Carl-Daniel Hailfinger wrote:
Hi Marc,
I'm currently working to unify K8 and Fam10 CAR to use the same code at runtime (as opposed to buildtime #ifdefs). While this may not be a goal for v2, I definitely want to try it for v3.
A few questions/comments about the CAR code:
- Only Fam10 APs are treated specially. APs of older generations seem to
be unhandled. Did older generations treat each core as BSP (code seems to suggest that) or were there other special provisions?
I don't know. I haven't used or worked on that code. YH would be the better person to ask. For the fam10 code there are some settings that can only be set from the AP cores.
- "Errata 193: Disable clean copybacks to L3 cache to allow cached ROM."
Erratum 193 seems to be unlisted in public data sheets. If it is the famous L3 problem, we might want to enable the workaround only on affected revisions.
This is an errata for early silicon which is why it isn't in the public rev guide. It is a fix for caching instructions while in CAR mode. It can be removed. All Ax support could be removed.
- CAR goes from 0xC8000 to 0xCFFFF. Assuming GlobalVarSize=0 (untrue,
but easier to calculate), BSP stack will be from 0xCC000 to 0xCFFFF and AP stacks will be below 0xCBFFF.
- With the current settings (32k CAR total, 1k per AP, 16K for the BSP)
the scheme will fall apart if the highest NodeID shifted by the number of CoreID bits is 16 or higher. The BKDG indicates that the number of CoreID bits is 2, so a NodeID of 4 or higher will break.
Yes. This was sufficient for the K8 and was not changed when I added fam10. 8 dual core K8 was the most you could have. It could probably be expended into the rest of the shadow hole (up to FFFFF) if needed. The reason to keep it in the hole is for memory eye finding that will happen from 1MB to TOM.
- There is no good place to store the printk() buffer in CAR. On Geode
and i586, the printk buffer runs from the lowest address of the CAR area to the middle.
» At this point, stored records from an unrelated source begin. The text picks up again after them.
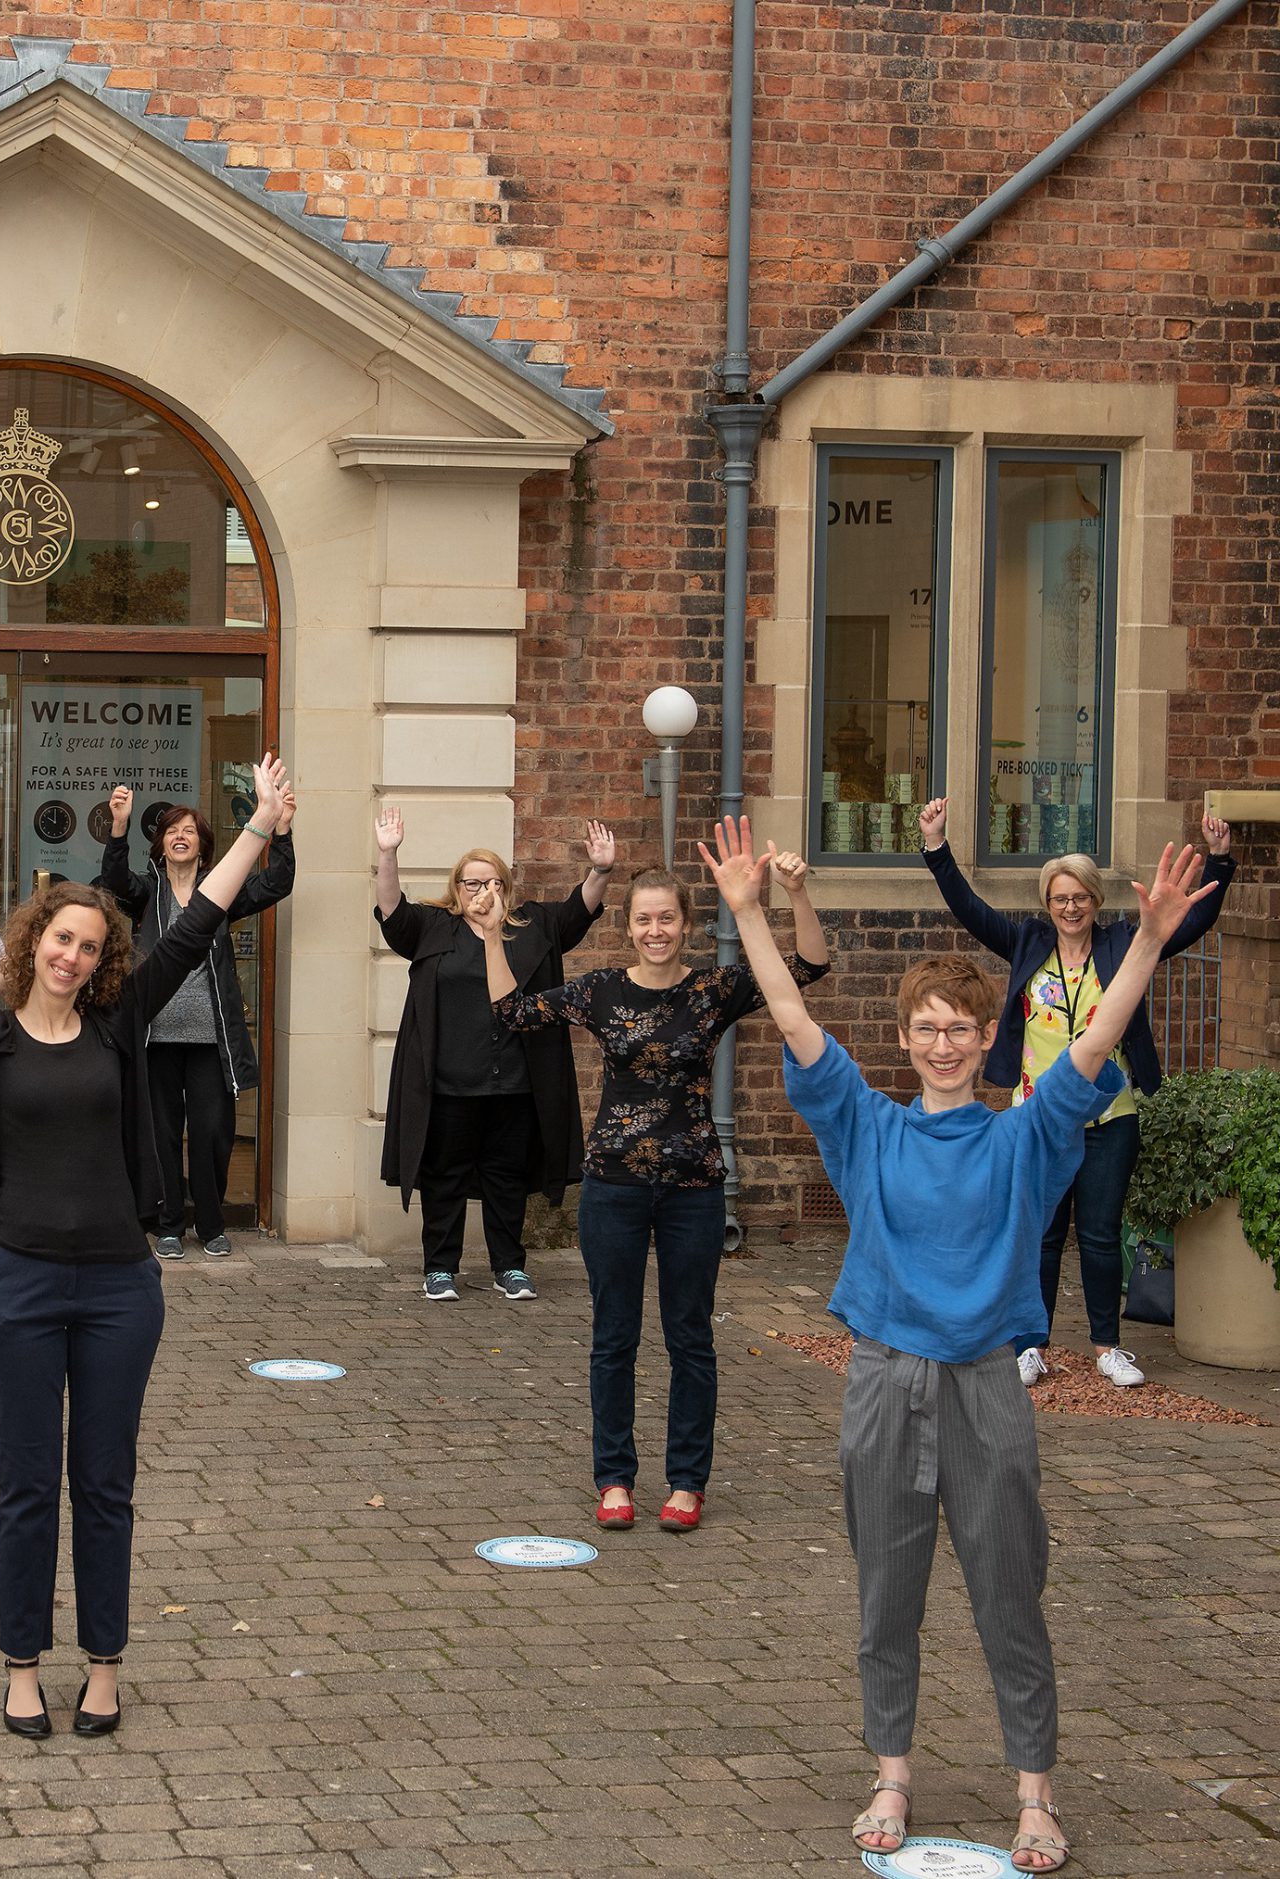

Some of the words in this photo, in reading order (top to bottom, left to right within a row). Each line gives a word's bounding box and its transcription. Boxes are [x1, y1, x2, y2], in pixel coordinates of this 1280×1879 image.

[31, 701, 192, 726] WELCOME
[40, 731, 63, 748] It’s
[66, 736, 105, 753] great
[110, 736, 124, 750] to
[128, 739, 149, 750] see
[150, 738, 180, 754] you
[31, 765, 57, 776] FOR
[61, 766, 71, 776] A
[76, 767, 108, 777] SAFE
[113, 767, 144, 778] VISIT
[148, 768, 188, 778] THESE
[997, 761, 1058, 776] PRE-BOOKED
[1061, 763, 1094, 777] TICK
[26, 780, 95, 791] MEASURES
[131, 782, 144, 792] IN
[149, 782, 193, 793] PLACE:
Keeping that design will result in the AP stacks colliding with the printk buffer. Limiting the size of the printk buffer dynamically would work unless there are more than 15 cores in the system, where even a printk buffer of zero size would clobber one AP stack. The other alternative is to keep the printk buffer size fixed and let the AP stacks eat into BSP stack space.
This was the problem I mentioned when you were doing the printk() buffer. You are not guaranteed the use of the cache.
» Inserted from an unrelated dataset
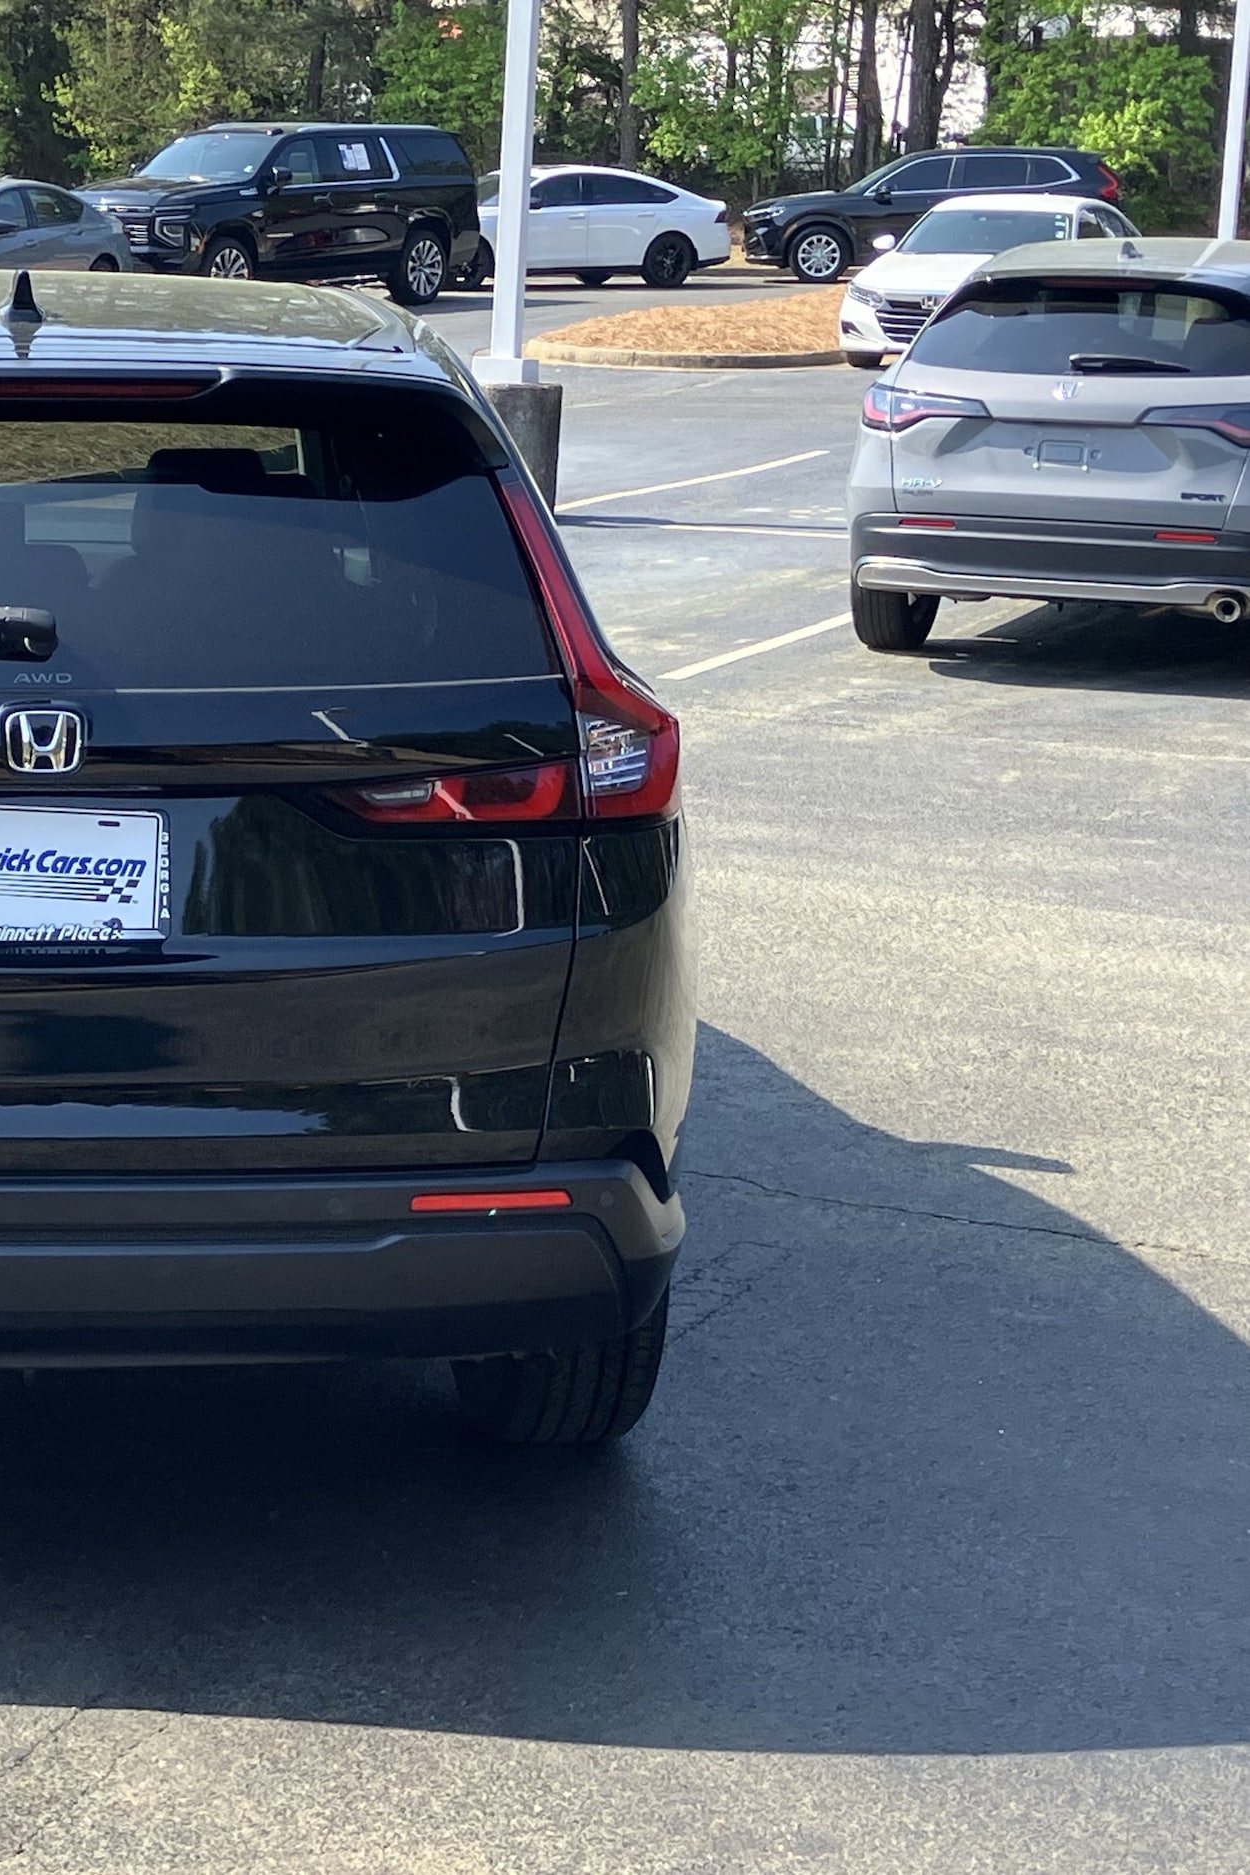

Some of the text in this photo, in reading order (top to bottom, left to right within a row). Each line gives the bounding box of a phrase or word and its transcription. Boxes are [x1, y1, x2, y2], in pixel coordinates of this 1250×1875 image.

[901, 477, 943, 488] HR-V
[13, 672, 72, 684] AWD
[160, 831, 170, 919] GEORGIA
[57, 924, 113, 942] Place
- Is there any reason on any K8 or later processor supported by the
current CAR code not to use 64k CAR?
To leave room for APs? There may have been some concern about small cache versions be introduced?
- Is 1k enough stack for the APs, given some stack-heavy functions in v3?
I don't know for sure but I would expect it to be ok.
- Can the K8 processors work reliably with 0x1e1e1e1e settings in the
fixed MTRR or can the Fam10 processors work with 0x06060606?
No.
Marc